In Masters of Orion II the problem of tech research after all techs have been developed is handled by creating extremely expensive future techs that provide some minor benefits. The most expensive regular technology costs 15,000 RP's; each future tech costs 25,000 RP's base cost plus 10,000 * (the advanced tech level), so Hyper Advanced Construction III will cost 45,000 RP's to research. I almost always play a tech-mongering race, and even I have trouble coming up with 95,000 research points in under ten turns.

The benefits of future techs were more than just ways to garner more points; each tech provided minor benefits. For example, a Stellar Converter (the weapon on the Death Star) takes up 500 space on a starship; since starships have a maximum of 1500 space, this means that you can put on at most 2 stellar converters as well as the necessary peripherals (shields, armor, ship drive, etc). However, each future tech provided a slight miniaturization to the Stellar Converter; about future tech 10 (costing 115,000 research points to acquire) the Stellar Converter has shrunk down to only take up 200 space, meaning that you can cram five or six of them onto a starship.
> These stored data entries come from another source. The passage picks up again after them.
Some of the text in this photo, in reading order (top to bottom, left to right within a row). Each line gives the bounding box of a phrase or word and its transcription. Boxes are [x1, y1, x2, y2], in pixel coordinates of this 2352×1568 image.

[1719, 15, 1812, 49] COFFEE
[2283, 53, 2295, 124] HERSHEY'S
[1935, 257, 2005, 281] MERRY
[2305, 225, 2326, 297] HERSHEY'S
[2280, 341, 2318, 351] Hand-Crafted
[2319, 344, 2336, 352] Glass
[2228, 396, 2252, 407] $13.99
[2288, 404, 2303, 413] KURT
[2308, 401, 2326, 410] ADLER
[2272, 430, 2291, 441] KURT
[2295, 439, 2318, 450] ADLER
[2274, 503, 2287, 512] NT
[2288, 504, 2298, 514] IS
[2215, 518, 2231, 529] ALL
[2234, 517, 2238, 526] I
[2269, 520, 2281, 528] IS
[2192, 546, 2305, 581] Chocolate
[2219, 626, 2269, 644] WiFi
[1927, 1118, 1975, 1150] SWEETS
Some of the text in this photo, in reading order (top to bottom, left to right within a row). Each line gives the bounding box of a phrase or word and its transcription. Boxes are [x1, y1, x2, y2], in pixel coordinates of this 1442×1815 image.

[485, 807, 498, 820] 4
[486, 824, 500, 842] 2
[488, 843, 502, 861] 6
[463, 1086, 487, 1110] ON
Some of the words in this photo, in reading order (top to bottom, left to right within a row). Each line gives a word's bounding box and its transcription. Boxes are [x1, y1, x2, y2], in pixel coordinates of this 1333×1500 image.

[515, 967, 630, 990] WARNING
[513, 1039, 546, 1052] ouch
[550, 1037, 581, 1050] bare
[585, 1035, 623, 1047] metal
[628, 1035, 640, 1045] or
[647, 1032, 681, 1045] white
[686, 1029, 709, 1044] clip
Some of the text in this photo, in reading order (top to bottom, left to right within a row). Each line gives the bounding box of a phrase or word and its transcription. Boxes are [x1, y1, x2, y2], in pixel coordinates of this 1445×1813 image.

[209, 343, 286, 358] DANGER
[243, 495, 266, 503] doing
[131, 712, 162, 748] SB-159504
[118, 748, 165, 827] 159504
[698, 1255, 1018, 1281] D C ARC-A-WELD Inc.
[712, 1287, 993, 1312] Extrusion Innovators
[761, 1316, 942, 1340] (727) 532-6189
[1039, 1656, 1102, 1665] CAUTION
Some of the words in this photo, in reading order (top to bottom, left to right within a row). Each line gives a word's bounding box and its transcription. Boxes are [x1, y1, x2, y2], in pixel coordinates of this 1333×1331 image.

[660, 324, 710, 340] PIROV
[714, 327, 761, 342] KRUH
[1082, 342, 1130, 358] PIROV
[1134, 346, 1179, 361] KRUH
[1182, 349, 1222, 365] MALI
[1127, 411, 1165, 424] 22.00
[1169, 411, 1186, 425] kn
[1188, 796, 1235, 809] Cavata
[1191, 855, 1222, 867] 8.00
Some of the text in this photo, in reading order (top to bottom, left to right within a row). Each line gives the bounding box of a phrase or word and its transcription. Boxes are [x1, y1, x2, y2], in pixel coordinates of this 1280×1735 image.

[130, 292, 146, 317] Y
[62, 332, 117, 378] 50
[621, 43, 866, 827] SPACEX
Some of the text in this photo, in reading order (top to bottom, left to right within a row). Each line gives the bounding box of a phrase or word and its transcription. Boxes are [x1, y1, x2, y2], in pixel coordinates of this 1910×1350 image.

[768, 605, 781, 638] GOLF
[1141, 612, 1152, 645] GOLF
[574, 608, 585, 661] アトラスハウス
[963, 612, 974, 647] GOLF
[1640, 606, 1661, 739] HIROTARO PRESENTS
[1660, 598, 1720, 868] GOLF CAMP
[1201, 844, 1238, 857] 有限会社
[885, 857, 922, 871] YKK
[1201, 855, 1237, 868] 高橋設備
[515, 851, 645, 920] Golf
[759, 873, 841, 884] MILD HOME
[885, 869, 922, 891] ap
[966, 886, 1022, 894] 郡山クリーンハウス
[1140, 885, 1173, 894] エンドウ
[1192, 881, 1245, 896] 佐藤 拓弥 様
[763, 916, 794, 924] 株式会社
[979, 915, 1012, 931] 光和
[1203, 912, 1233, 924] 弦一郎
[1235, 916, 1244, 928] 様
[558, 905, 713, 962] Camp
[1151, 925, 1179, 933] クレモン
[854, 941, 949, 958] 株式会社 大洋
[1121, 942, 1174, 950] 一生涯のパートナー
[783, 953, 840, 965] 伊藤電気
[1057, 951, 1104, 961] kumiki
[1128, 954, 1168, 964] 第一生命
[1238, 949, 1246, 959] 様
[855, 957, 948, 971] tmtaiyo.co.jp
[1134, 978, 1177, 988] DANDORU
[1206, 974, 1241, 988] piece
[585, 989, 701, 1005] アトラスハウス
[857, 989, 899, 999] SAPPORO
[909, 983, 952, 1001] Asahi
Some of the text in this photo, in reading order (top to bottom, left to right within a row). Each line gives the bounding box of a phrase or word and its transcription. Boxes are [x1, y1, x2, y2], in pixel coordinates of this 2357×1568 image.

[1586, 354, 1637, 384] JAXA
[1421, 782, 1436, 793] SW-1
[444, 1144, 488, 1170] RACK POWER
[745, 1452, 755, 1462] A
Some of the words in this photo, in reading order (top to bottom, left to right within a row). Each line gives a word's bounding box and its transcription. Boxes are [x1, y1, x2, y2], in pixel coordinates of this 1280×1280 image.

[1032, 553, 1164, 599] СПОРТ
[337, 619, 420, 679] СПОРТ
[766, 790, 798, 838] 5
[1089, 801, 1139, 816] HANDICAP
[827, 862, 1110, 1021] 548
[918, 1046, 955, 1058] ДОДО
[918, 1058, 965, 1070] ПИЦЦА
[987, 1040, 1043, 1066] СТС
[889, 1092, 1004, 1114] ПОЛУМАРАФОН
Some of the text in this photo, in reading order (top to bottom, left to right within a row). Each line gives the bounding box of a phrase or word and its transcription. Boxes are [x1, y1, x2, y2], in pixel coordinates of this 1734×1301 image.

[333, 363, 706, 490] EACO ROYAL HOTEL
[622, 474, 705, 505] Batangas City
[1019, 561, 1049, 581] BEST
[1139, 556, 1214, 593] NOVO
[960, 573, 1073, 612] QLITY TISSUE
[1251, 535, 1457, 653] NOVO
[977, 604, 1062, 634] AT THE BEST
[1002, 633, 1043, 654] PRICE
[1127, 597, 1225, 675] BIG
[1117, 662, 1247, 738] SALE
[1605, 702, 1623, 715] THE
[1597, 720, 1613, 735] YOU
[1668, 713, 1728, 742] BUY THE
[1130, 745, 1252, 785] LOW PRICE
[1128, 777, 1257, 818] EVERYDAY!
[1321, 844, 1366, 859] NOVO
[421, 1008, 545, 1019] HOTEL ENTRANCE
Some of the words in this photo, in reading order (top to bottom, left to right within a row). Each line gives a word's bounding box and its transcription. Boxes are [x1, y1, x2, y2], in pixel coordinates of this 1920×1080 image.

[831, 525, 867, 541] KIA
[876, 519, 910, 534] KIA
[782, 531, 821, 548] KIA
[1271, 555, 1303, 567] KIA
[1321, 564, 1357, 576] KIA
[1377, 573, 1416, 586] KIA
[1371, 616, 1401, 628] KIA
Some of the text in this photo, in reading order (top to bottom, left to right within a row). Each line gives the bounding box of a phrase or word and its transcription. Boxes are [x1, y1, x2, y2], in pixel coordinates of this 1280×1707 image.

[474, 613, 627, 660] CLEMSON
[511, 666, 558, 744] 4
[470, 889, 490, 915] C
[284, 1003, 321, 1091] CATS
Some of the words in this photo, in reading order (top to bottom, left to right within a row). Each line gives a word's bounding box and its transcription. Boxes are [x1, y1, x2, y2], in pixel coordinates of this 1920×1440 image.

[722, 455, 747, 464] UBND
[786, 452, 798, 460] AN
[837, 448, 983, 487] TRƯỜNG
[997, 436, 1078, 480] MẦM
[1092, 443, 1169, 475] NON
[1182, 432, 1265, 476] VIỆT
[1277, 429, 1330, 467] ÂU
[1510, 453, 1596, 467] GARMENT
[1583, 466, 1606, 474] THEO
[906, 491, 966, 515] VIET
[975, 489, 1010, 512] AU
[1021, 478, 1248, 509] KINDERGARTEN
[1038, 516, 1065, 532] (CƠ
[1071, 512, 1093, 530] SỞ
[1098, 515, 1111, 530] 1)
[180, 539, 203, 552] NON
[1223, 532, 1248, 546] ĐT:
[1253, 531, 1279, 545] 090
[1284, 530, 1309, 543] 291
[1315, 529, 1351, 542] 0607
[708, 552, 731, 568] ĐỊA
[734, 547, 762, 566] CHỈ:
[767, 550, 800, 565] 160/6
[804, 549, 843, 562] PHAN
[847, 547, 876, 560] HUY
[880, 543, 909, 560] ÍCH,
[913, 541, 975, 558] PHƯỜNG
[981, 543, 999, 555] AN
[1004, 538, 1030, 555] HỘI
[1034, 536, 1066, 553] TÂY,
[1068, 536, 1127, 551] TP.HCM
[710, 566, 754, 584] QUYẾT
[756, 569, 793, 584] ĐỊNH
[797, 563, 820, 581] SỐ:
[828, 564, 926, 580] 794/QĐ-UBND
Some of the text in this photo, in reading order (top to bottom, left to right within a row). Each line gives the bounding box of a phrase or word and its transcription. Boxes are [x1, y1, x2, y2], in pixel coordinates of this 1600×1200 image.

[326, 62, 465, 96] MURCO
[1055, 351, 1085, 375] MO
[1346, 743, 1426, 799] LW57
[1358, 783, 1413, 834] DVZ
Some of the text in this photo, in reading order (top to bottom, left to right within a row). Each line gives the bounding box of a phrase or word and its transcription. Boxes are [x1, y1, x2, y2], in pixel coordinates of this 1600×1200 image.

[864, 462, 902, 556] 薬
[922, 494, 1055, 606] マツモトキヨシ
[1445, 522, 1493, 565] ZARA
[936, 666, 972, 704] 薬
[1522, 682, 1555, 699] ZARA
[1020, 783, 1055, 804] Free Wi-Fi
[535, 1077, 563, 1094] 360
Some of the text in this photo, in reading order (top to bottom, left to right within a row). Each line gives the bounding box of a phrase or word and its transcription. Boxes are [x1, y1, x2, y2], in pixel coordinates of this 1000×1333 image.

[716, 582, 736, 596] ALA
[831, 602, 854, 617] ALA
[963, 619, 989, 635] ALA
It took a long time to glean any benefits from future technology (a Stellar Converter that takes up 450 space instead of 500 is not much benefit), but unlike Civ and SMAC future technology did provide some minor benefits.

Regardless of how high the Civ III tech tree goes, I think that future tech could be better handled in the manner of MOO2, with exponentially increasing research costs and minor benefits granted. For example, in Civ III a howitzer might cost 200 shields, but after 20 future tech advances (at an exponentially increasing RP cost) it might only cost 50 shields. It doesn't seem too unreasonable to me that a Civ willing to spend a hundred turns in order to reseach twenty future techs should receive a minor reward for its pains.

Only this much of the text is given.